I probably have a unique perspective on this topic being a community college teacher as well as a 7th grade teacher. Research shows that middle school performance is a good indicator as to who will say in school to graduate. As a middle school teacher with a few years experience, I can safely say I believe that. If asked, I think most middle school teachers could predict the students who will drop out of high school. But that’s not really our job, is it? We need to do the best to educate those students while we have them, teach our curriculum, and not worry about predictions. Right?

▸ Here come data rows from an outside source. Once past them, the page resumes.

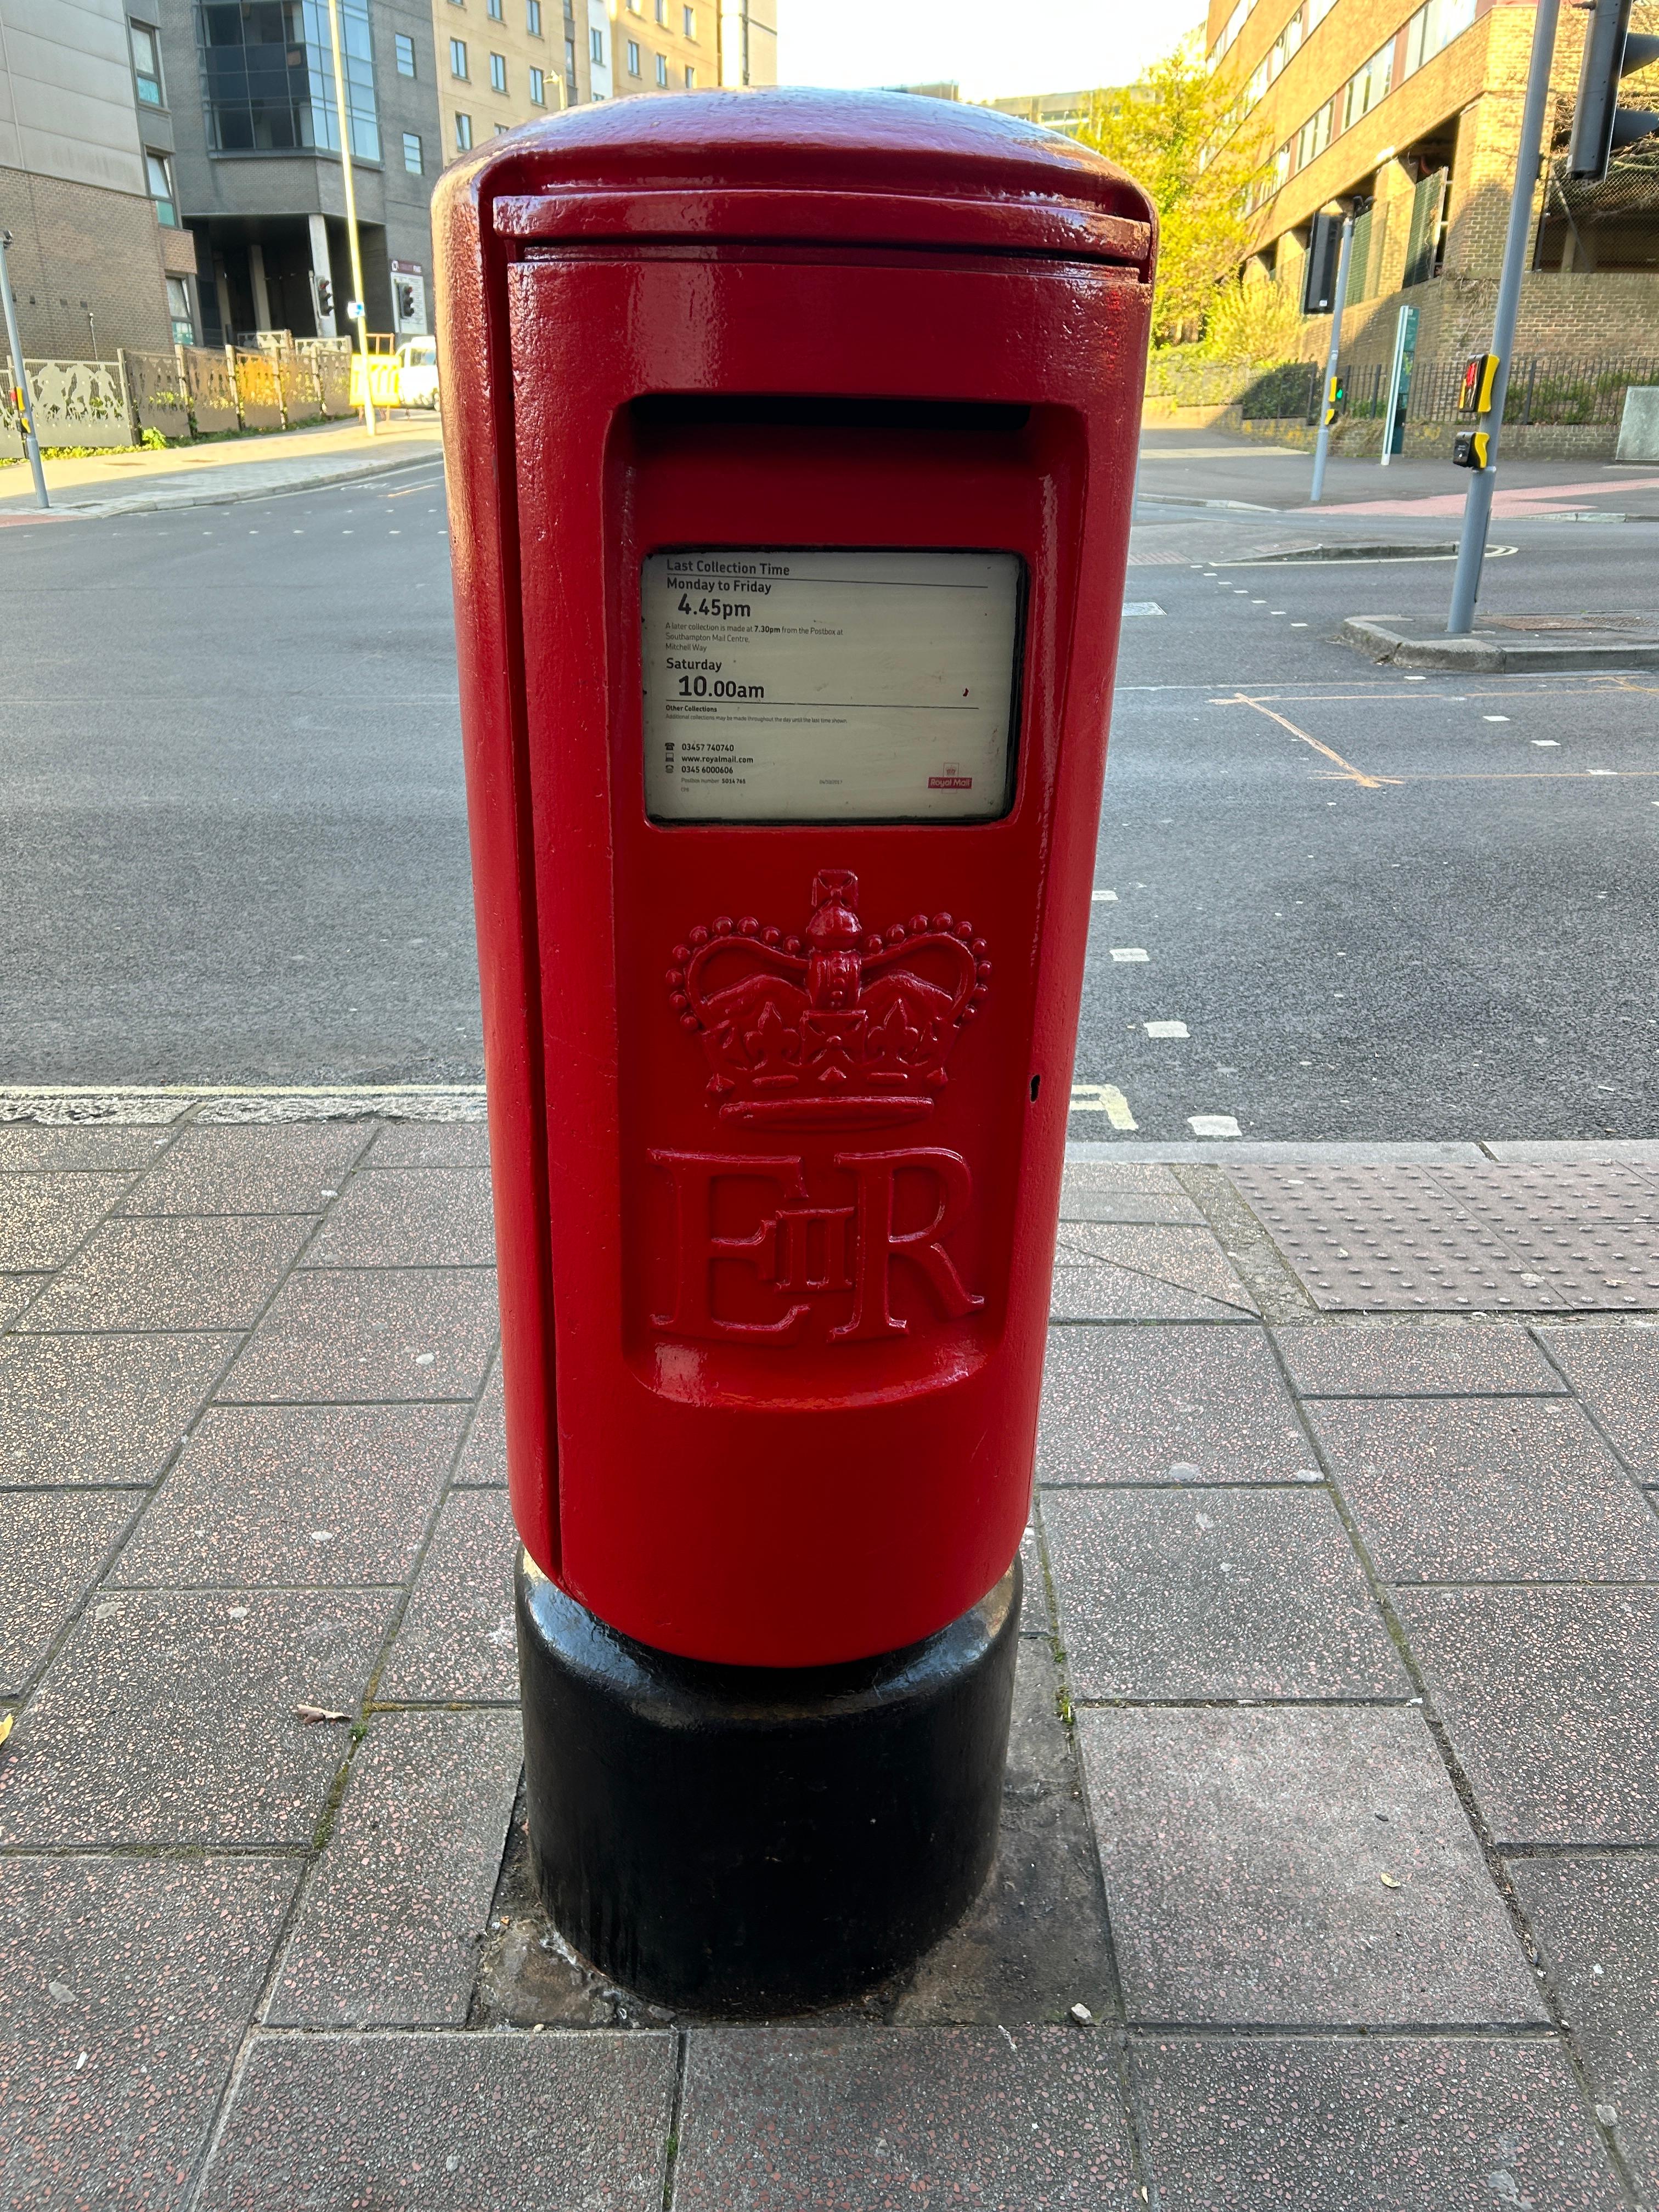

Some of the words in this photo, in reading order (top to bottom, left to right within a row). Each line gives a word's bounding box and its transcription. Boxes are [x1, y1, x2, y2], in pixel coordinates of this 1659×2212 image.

[667, 559, 693, 571] Last
[696, 560, 756, 574] Collection
[760, 563, 790, 575] Time
[667, 577, 715, 592] Monday
[718, 580, 730, 591] to
[733, 580, 772, 595] Friday
[678, 593, 751, 619] 4.45pm
[688, 623, 719, 631] collection
[754, 625, 781, 634] 7.30pm
[782, 626, 797, 634] from
[810, 627, 836, 636] Postbox
[837, 628, 844, 636] at
[665, 633, 710, 641] Southampton
[727, 635, 751, 643] Centre,
[692, 645, 707, 653] Way
[666, 657, 722, 673] Saturday
[679, 675, 764, 698] 10.00am
[681, 755, 754, 764] www.royalmail.com
[930, 778, 952, 787] Royal

Let me throw out one of my pet theories – Students do not mature intellectually at the same rate any more than they grow physically at the same rate. Walking down a middle school hallway, the physical analogy is very clear: Some students look to be about 8 years old and some appear as old as 25. Since they clearly don’t physically mature at the same rate, why do we assume they intellectually mature at the same rate? I don’t think they do. I think the “intellectually immature” students are those who severely struggle with everything and feel unsuccessful. These are the students at high risk of dropping out of high school but later “going back” to get their GED. They found themselves at a stage in life where they were intellectually mature enough to be in high school equivalency classes and get their GEDs on their own. No school enforced timeline.
As an instructor at a community college, I have a wide range of students. Recent grads, GEDs, returning to school adults, and retirees. The GEDs have approximately the same rate of success as the recent grads, maybe a little better. Why? Not all high school grads seem intellectually mature enough for college material. GEDs often seem hungry to prove themselves worthy.